Besides the cruciferous goodness of the cabbage and the antioxidant wallop of the citrus and spinach, the avocados bring omega-3 fatty acids, the cumin is anti-carcinogenic, the cinnamon is anti-microbial, all the fruits and veggies contribute valuable dietary fiber, and the tenderloin is, of course, a nice lean protein. Eating avocado may also help you to more effectively absorb other nutrients, and the cinnamon can help lessen the rise in your blood sugar after eating the carbohydrates in this salad. 

That's a lot of healthiness, right? All that being said, it tastes like it was put together by someone obsessed with flavor alone. 

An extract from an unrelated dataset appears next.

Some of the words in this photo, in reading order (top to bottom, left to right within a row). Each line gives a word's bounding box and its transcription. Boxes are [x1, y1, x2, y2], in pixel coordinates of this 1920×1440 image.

It's also pretty quick and easy to put together. Want to make it? Here's the recipe

Tuesday, January 15, 2013

On taking the baby to work

I went back to work part-time when Kamal was 8 weeks old.  Last week I saw a patient that really needed to come back in no more than a week later--but I was booked three weeks out. I tried to figure out a way to fit her in to my existing appointments, and when that didn't work, I offered a compromise: I could see her today, but I had to bring my baby along. Would she mind?

She said she didn't. So today, full of trepidation, I prepared to bring my baby to work.

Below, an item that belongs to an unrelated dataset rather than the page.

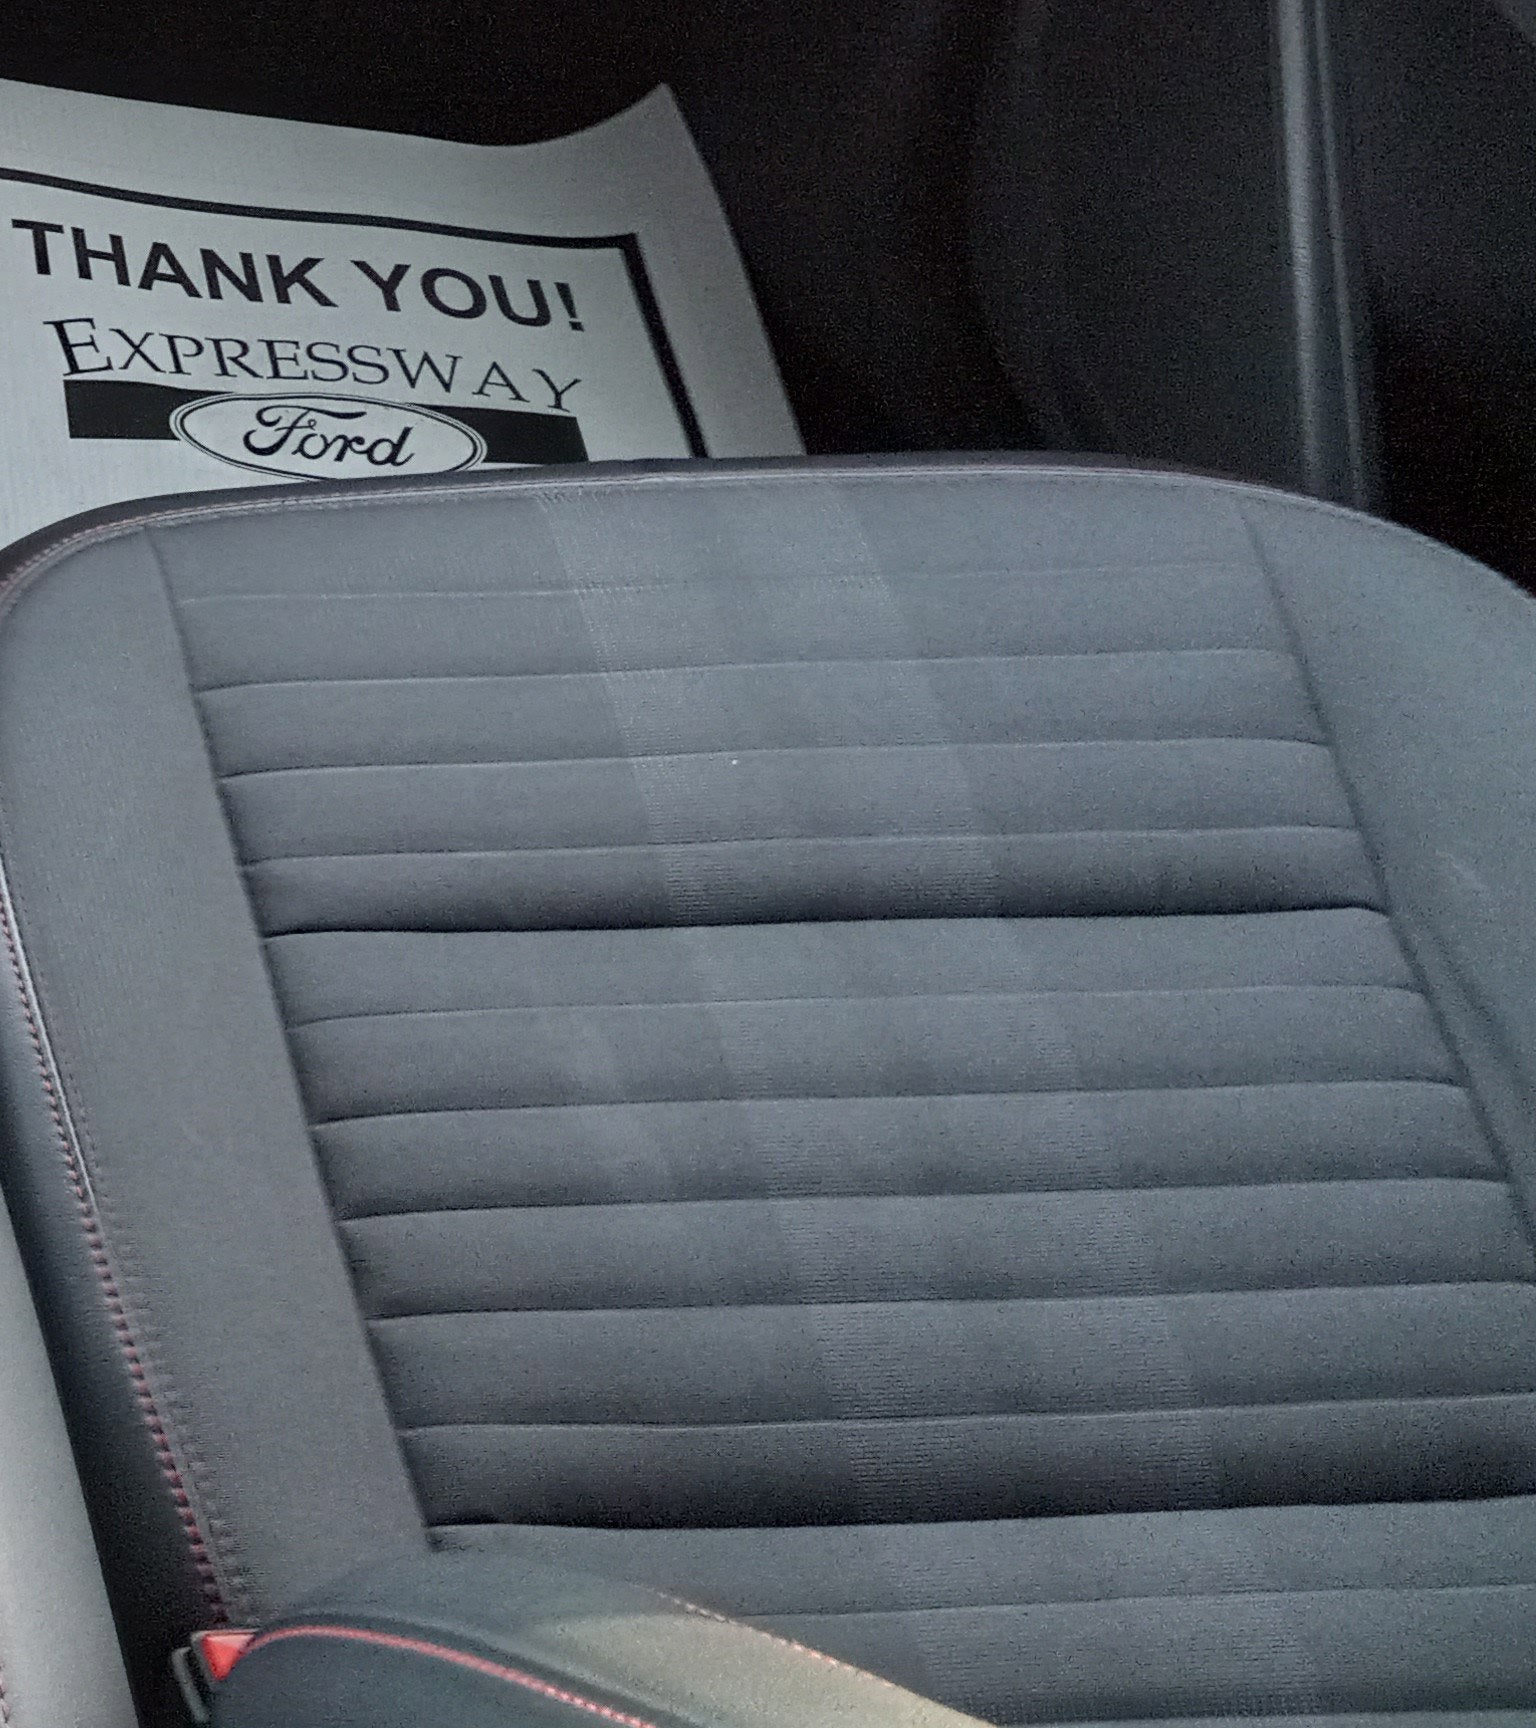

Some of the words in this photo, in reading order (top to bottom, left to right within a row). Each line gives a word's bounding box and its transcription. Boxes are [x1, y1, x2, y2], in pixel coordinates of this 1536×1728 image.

[11, 218, 339, 309] THANK
[351, 258, 586, 332] YOU!
[43, 317, 583, 413] EXPRESSWAY
[243, 403, 415, 468] Ford

I put Kamal in his car seat and drove around till he was fast asleep. Then I parked as close as I could to my office--there's only street parking nearby, and it's pretty competitive. I slung one of those vibrating bouncy seat thingies across my back, hung a packed diaper bag on one shoulder, schlepped a bag full of work stuff on the other shoulder, hefted the car seat in my right hand and wielded my office keys in my left. I caught my reflection in a store window as I walked--I looked like the dogged, gimpy offspring of a toy store and a luggage shop.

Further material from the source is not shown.